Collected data
- - - - - - -

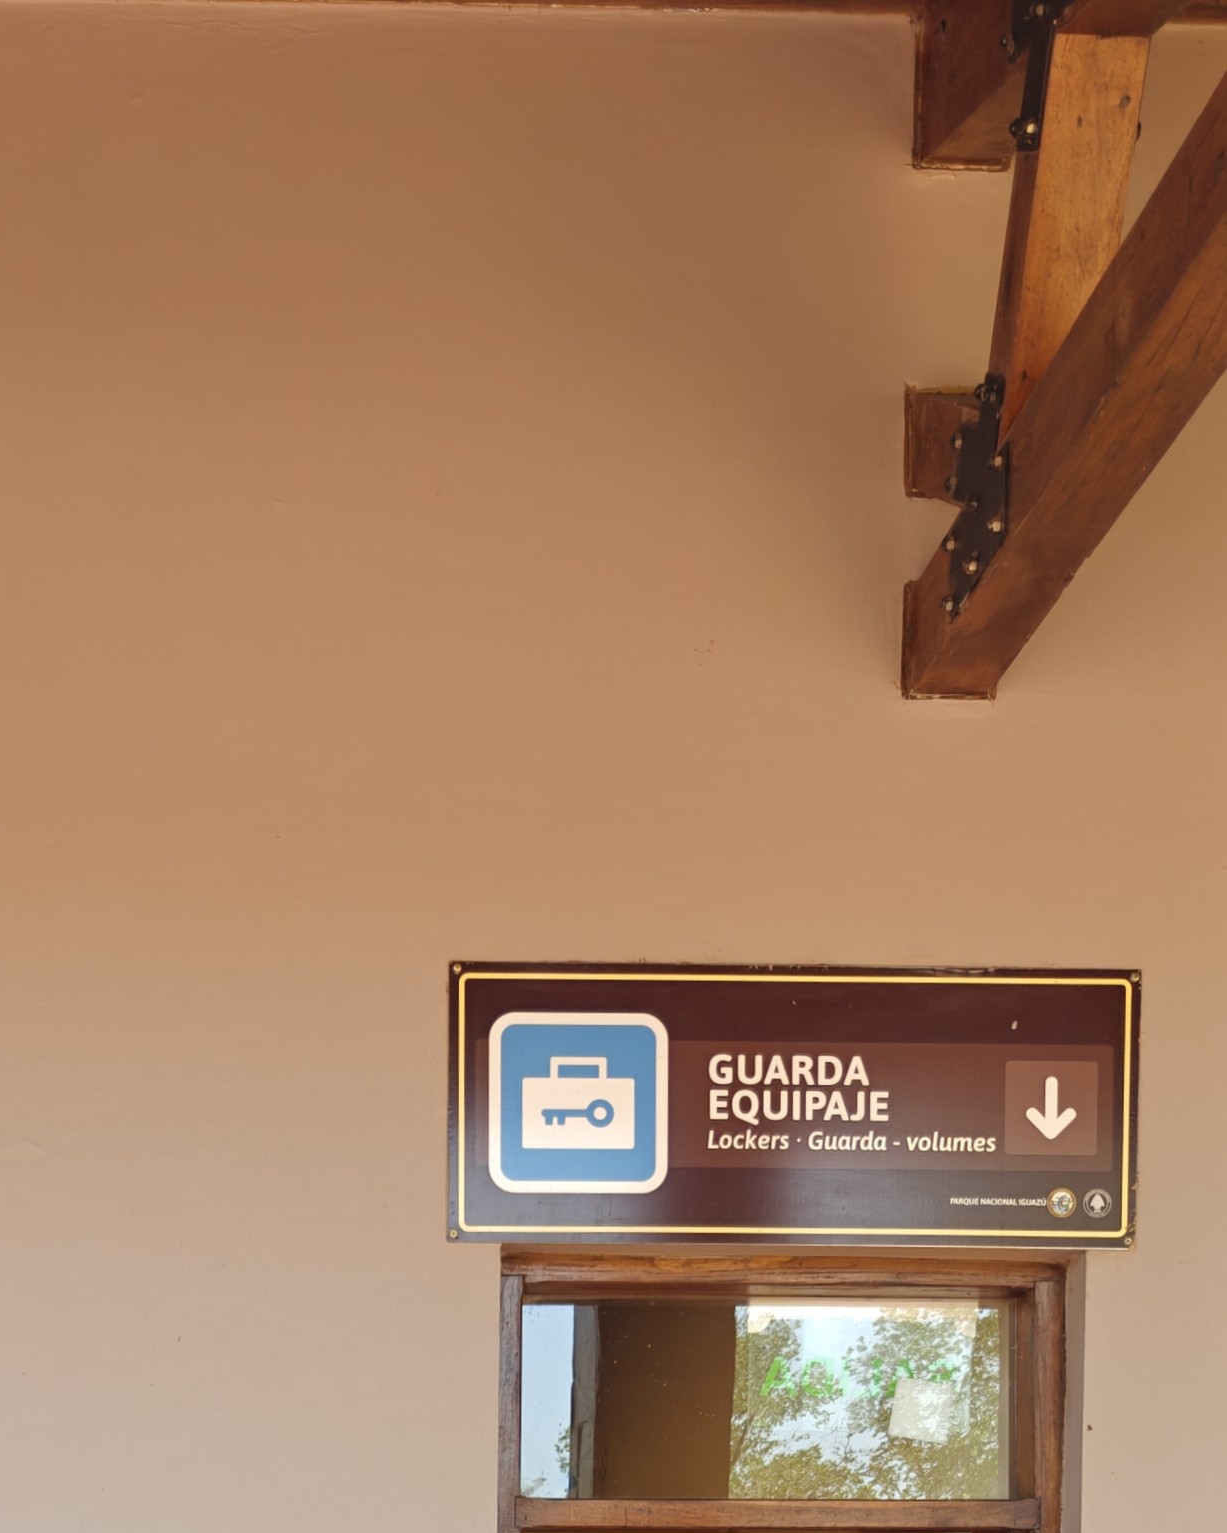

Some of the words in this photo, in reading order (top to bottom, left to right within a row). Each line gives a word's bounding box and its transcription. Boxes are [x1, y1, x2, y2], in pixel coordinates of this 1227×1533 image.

[708, 1054, 870, 1086] GUARDA
[709, 1089, 890, 1125] EQUIPAJE
[707, 1129, 790, 1150] Lockers
[807, 1131, 888, 1151] Guarda
[906, 1131, 997, 1152] volumes
[950, 1197, 979, 1206] PARQUE
[980, 1197, 1018, 1207] NACIONAL
[1018, 1196, 1047, 1207] IGUAZÚ
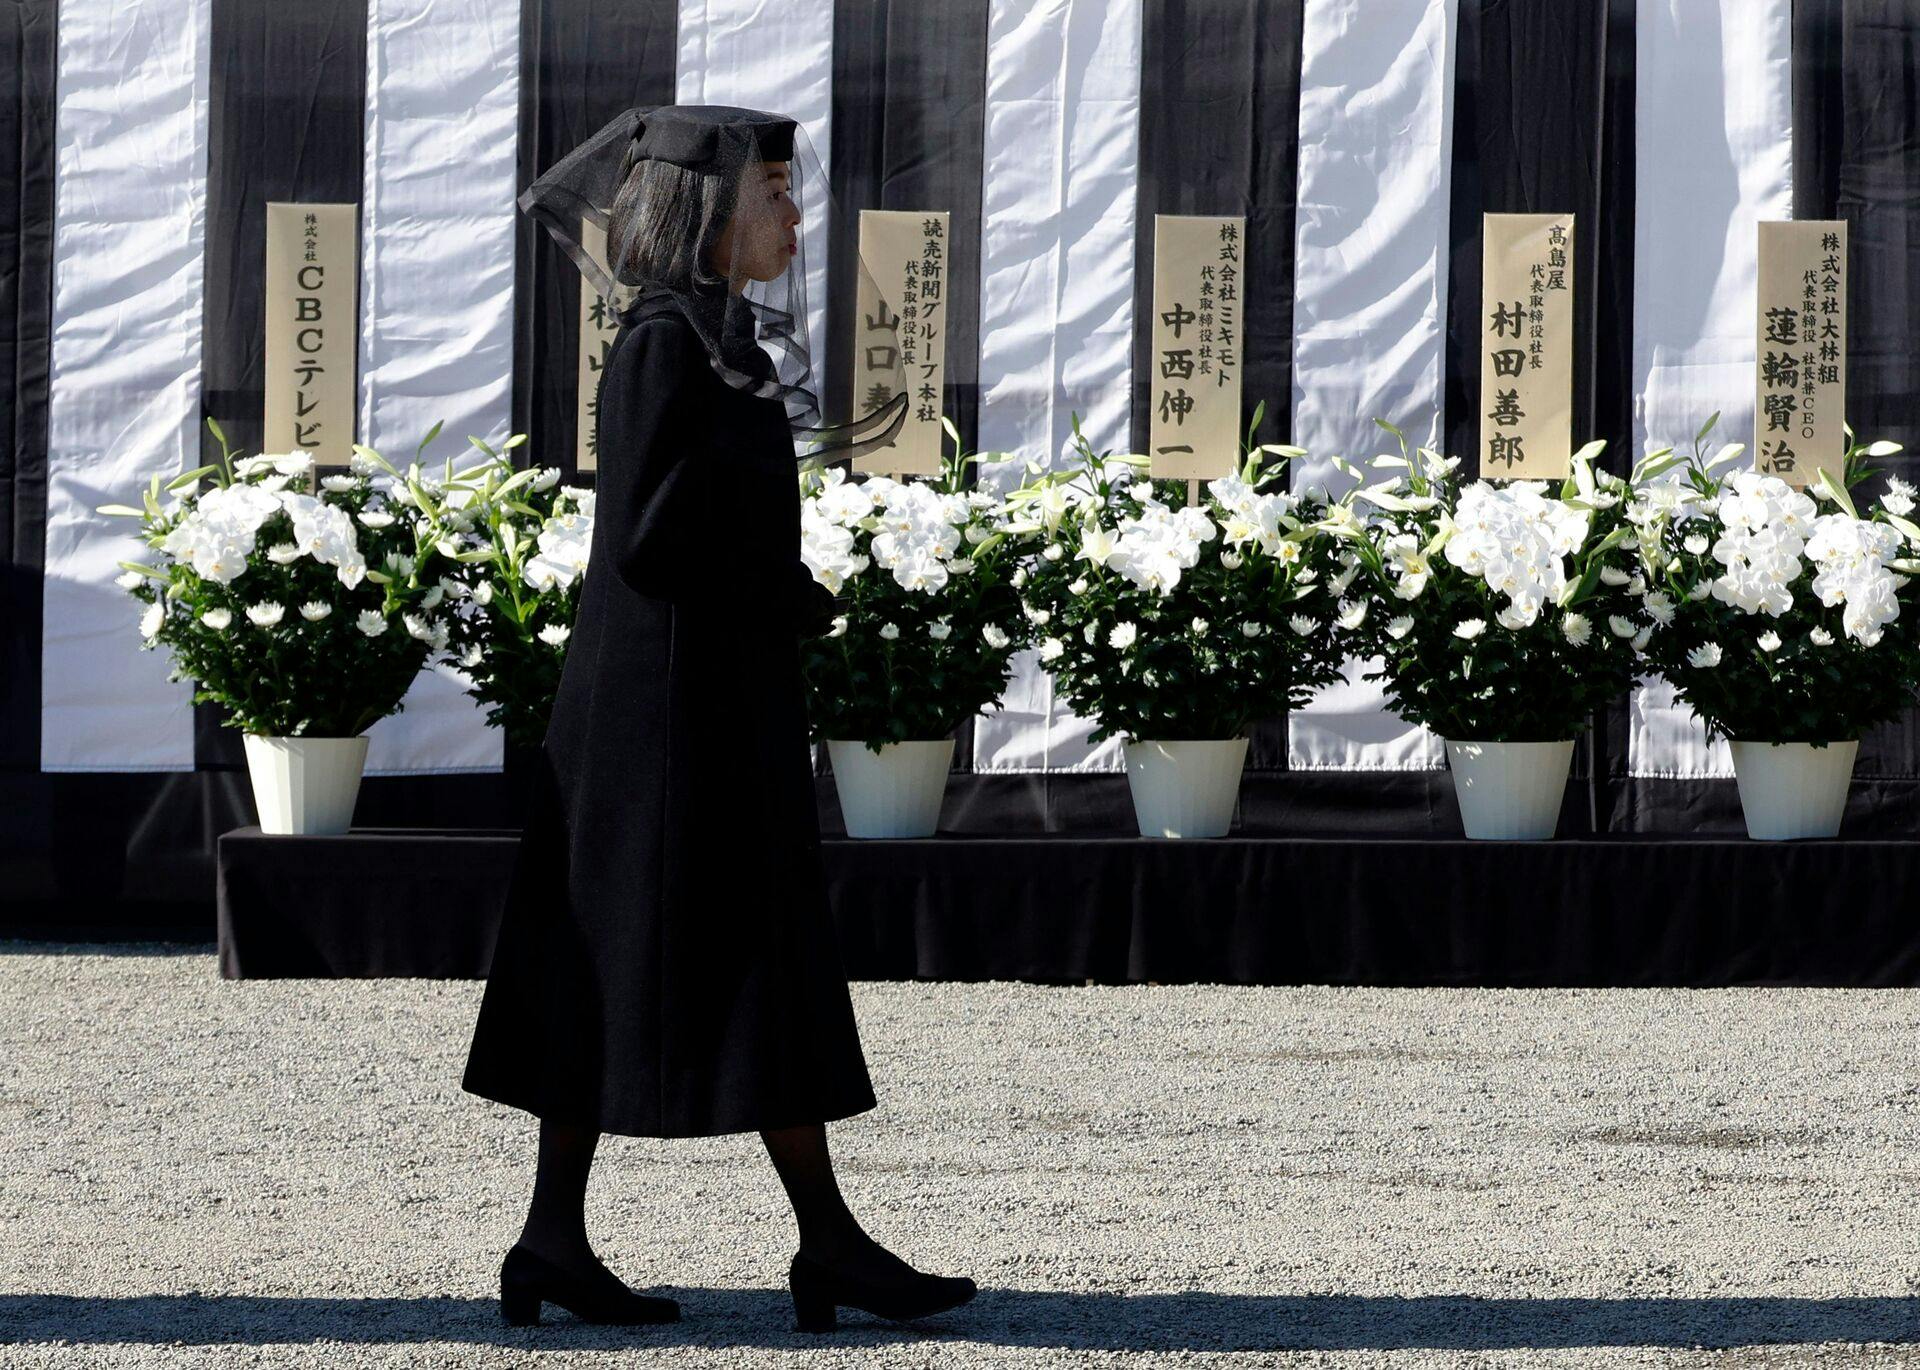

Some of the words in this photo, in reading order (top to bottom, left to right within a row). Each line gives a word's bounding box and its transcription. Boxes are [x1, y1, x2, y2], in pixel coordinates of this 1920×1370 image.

[902, 260, 919, 365] 代表取締役社長
[916, 218, 944, 423] 読売新聞グループ本社
[1156, 302, 1196, 455] 中西伸一
[1198, 265, 1215, 375] 代表取締役社長
[1215, 223, 1238, 388] 株式会社ミキモト
[1528, 264, 1544, 369] 代表取締役社長
[1818, 232, 1841, 384] 株式会社大林組
[1487, 301, 1527, 470] 村田善郎
[1761, 307, 1800, 474] 蓮輪賢治
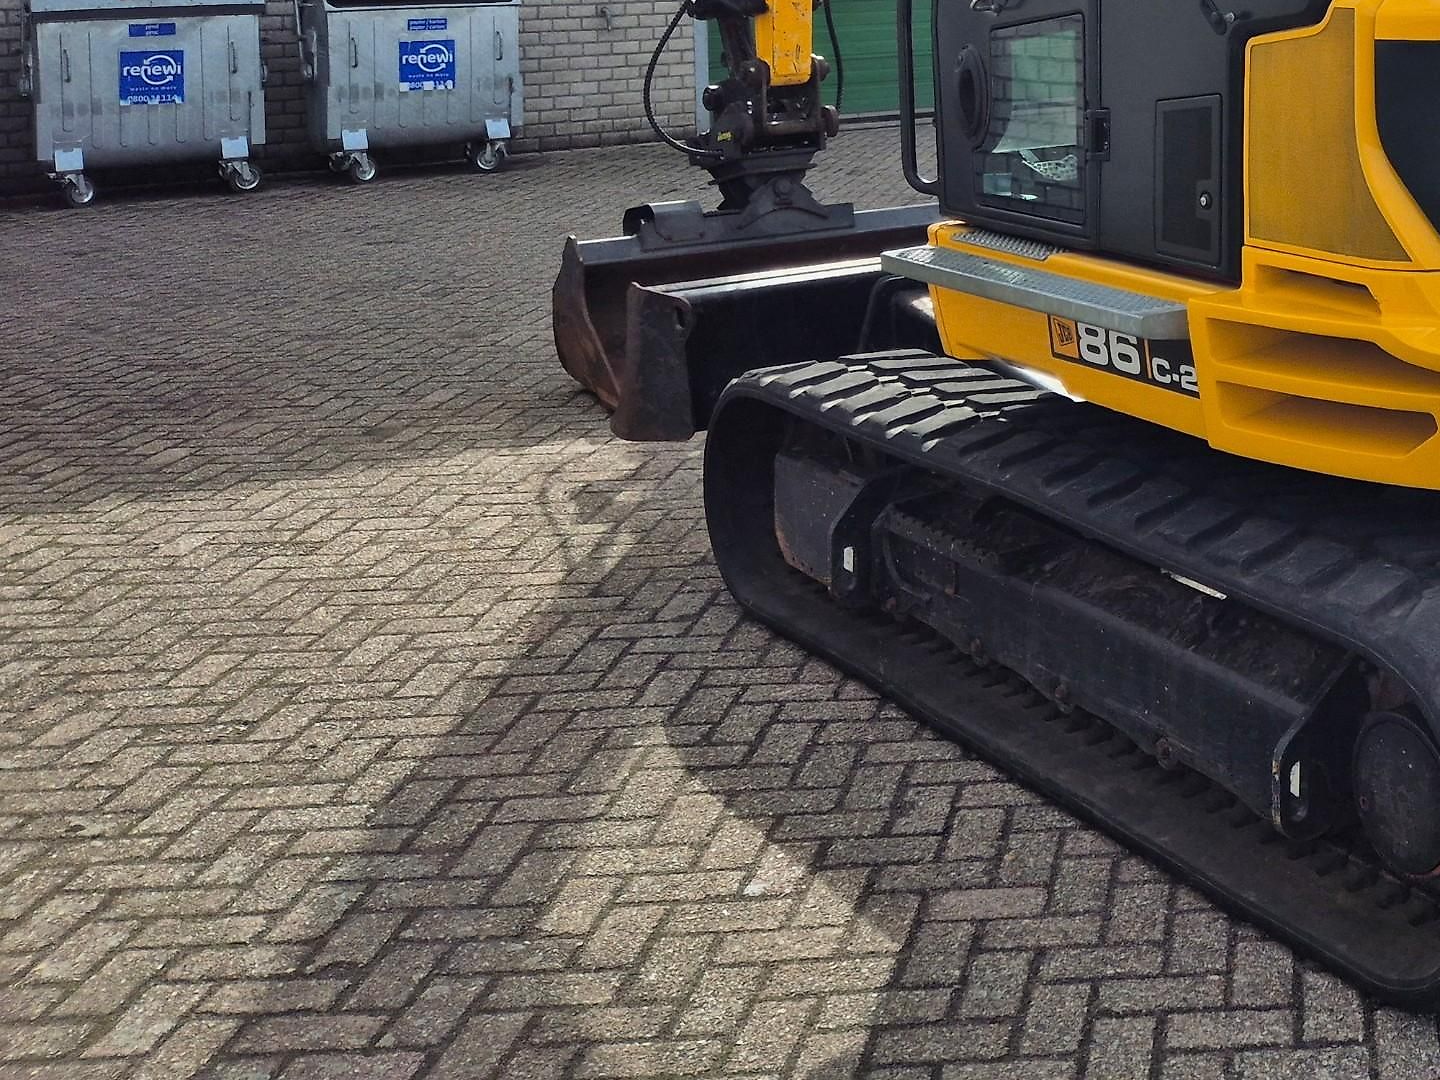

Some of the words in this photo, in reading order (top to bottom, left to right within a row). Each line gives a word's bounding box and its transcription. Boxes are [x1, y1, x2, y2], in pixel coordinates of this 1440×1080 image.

- - - - - - -

TASK REQUIREMENTS =
Copy all of the records verbatim, omitting the pictures.

RESPONSE TO THIS TASK =
Some of the words in this photo, in reading order (top to bottom, left to right within a row). Each line gives a word's bounding box and its transcription. Boxes are [x1, y1, x2, y2], in pixel coordinates of this 1227×1533 image.

[708, 1054, 870, 1086] GUARDA
[709, 1089, 890, 1125] EQUIPAJE
[707, 1129, 790, 1150] Lockers
[807, 1131, 888, 1151] Guarda
[906, 1131, 997, 1152] volumes
[950, 1197, 979, 1206] PARQUE
[980, 1197, 1018, 1207] NACIONAL
[1018, 1196, 1047, 1207] IGUAZÚ

Some of the words in this photo, in reading order (top to bottom, left to right within a row). Each line gives a word's bounding box and its transcription. Boxes are [x1, y1, x2, y2], in pixel coordinates of this 1920×1370 image.

[902, 260, 919, 365] 代表取締役社長
[916, 218, 944, 423] 読売新聞グループ本社
[1156, 302, 1196, 455] 中西伸一
[1198, 265, 1215, 375] 代表取締役社長
[1215, 223, 1238, 388] 株式会社ミキモト
[1528, 264, 1544, 369] 代表取締役社長
[1818, 232, 1841, 384] 株式会社大林組
[1487, 301, 1527, 470] 村田善郎
[1761, 307, 1800, 474] 蓮輪賢治

Some of the words in this photo, in reading order (top to bottom, left to right within a row). Each line gives a word's bounding box and its transcription. Boxes are [x1, y1, x2, y2], in pixel coordinates of this 1440×1080 image.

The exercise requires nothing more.